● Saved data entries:
--- --- ---

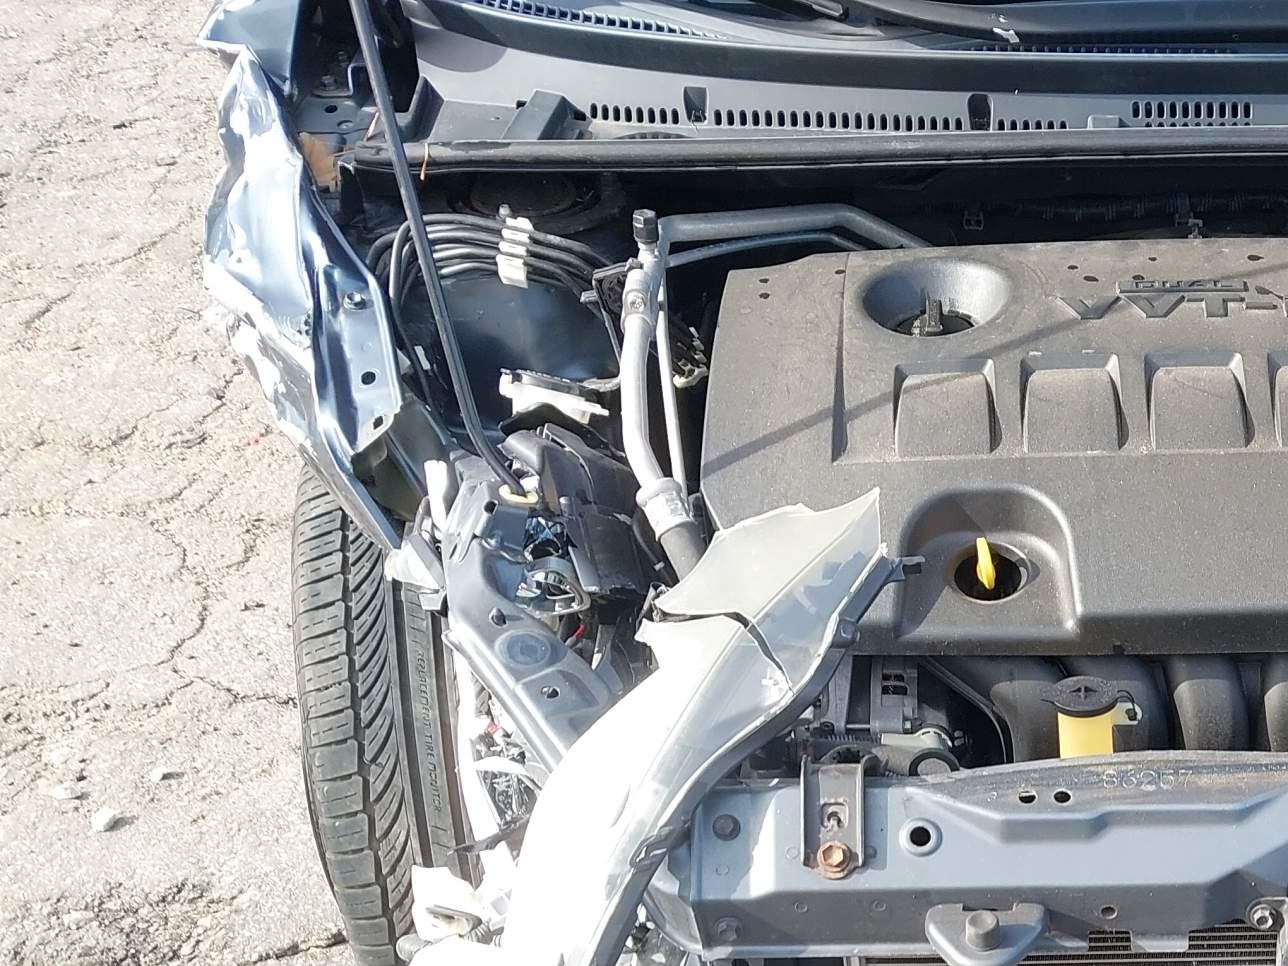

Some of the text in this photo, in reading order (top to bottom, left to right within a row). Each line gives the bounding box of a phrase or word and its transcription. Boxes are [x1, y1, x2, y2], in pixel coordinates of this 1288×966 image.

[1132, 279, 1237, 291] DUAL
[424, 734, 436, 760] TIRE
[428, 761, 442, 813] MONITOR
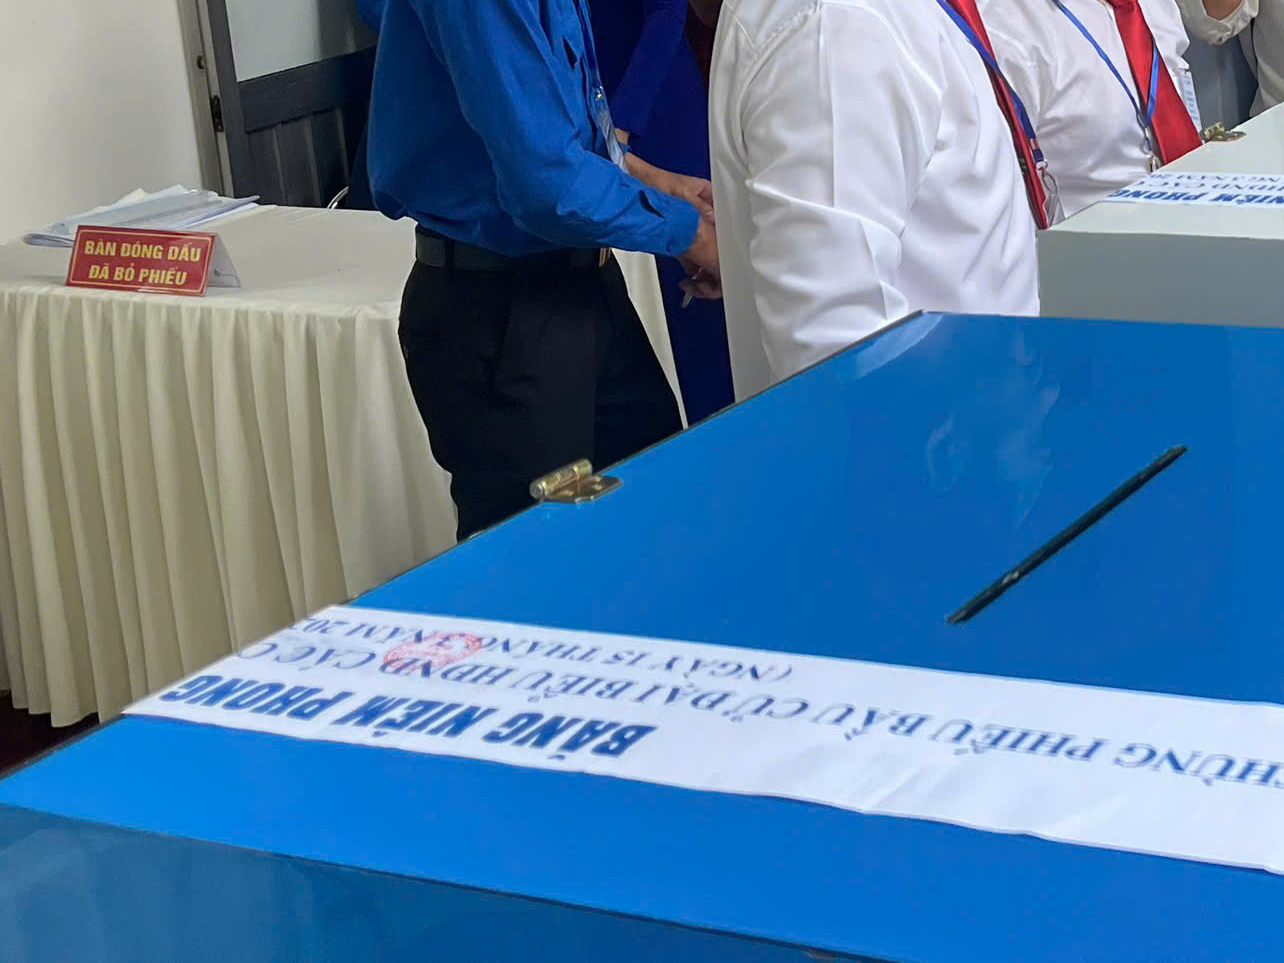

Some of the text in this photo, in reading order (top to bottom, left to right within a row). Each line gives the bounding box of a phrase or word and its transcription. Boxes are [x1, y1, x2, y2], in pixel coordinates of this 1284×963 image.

--- --- ---

● What needs to be done: None of the pictures should be copied, but every record above must be returned exactly.

● Answer box:
Some of the text in this photo, in reading order (top to bottom, left to right within a row). Each line gives the bounding box of a phrase or word and its transcription. Boxes are [x1, y1, x2, y2], in pixel coordinates of this 1288×966 image.

[1132, 279, 1237, 291] DUAL
[424, 734, 436, 760] TIRE
[428, 761, 442, 813] MONITOR

Some of the text in this photo, in reading order (top to bottom, left to right within a row). Each line gives the bounding box of a phrase or word and its transcription. Boxes are [x1, y1, x2, y2], in pixel coordinates of this 1284×963 image.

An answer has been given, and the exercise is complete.